TrendForceは本日(9日)、一部のメーカーが第2四半期に価格を引き上げたこと、および複数の米系クラウドサービスプロバイダー(CSP)が数年間の長期間契約(LTA)を締結したことで、メーカー側の価格引き上げ余地が制限されているため、第3四半期のサーバーDRAM契約価格は前四半期比13~18%上昇すると発表した。価格上昇幅は収束傾向にあるが、需給逼迫が続く場合は、メーカーが相次いで価格を上方修正する可能性がある。
TrendForceによると、CPUの供給不足がサーバーの組立ペースに影響を及ぼし、米系CSPのDRAM在庫水準は第2四半期にかけて徐々に上昇した。しかし、2026年下半期から2027年にかけてCPU供給が段階的に改善し、サーバー組立規模が拡大するとともに、2027年にはサーバーDRAMの需給逼迫が確実視されているため、CSPは依然として積極的に需要を拡大している。

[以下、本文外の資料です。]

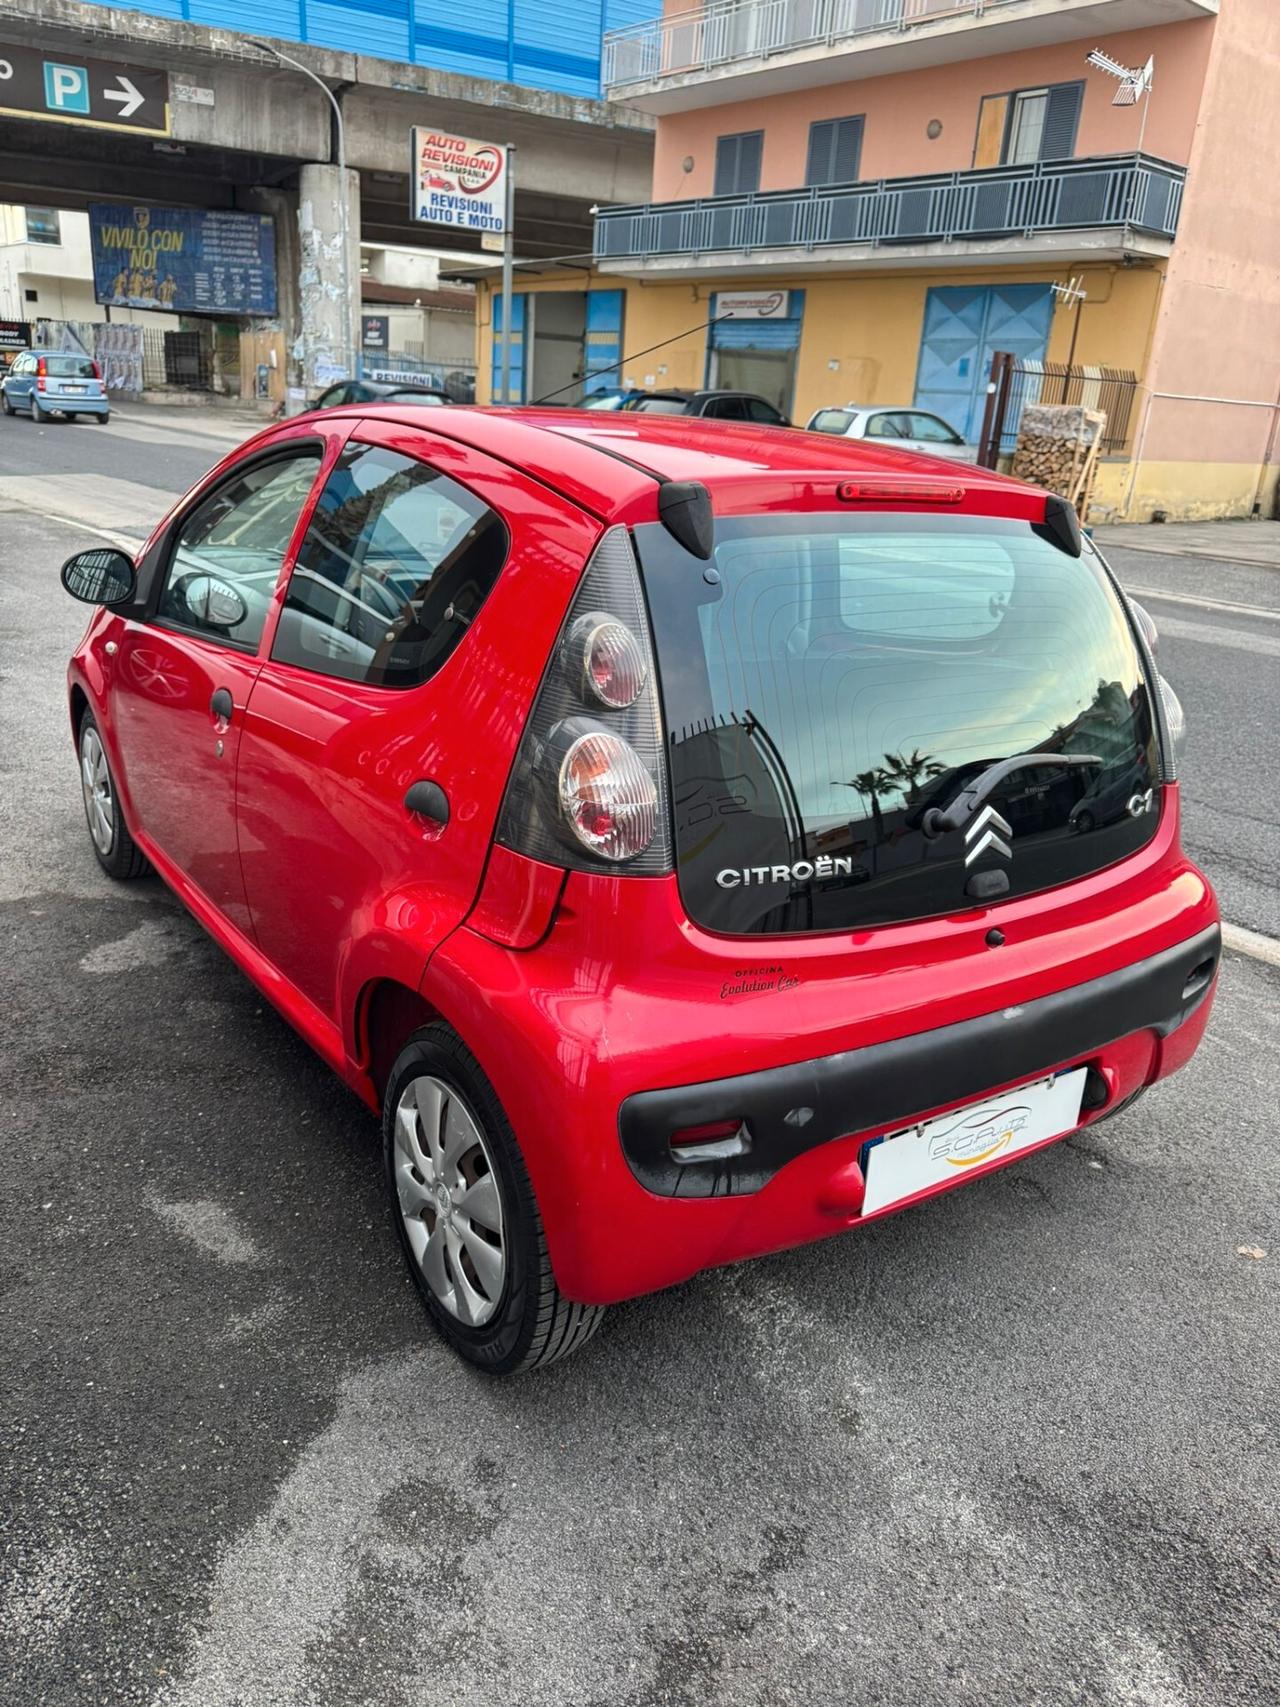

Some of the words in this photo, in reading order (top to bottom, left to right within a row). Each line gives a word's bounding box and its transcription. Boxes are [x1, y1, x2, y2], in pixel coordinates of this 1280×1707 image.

各メモリメーカーは第2四半期後半から2027年の供給意向を顧客に提示しており、TrendForceの試算によると、RDIMMのビット供給量の年間増加率は約15~20%にとどまり、サーバーCPUの台数成長を大きく下回る見込みだ。RDIMMの買い手にとっては、2026年下半期の消費量を確保済みでも、2027年の供給不足を見越して在庫を積み増すインセンティブが存在する。
一部のCSPがすでにメーカーと長期間契約を締結していることから、TrendForceは、2026年Q3以降、メーカーのサーバーDRAM出荷価格の上昇要因が、非長期間契約の顧客や、長期間契約顧客への非契約形態での追加供給に移行すると分析している。2026年下半期から2027年下半期にかけて、サーバーDRAMの契約価格は四半期ごとに上昇を続けると予想されるが、上昇幅は収束する見込みだ。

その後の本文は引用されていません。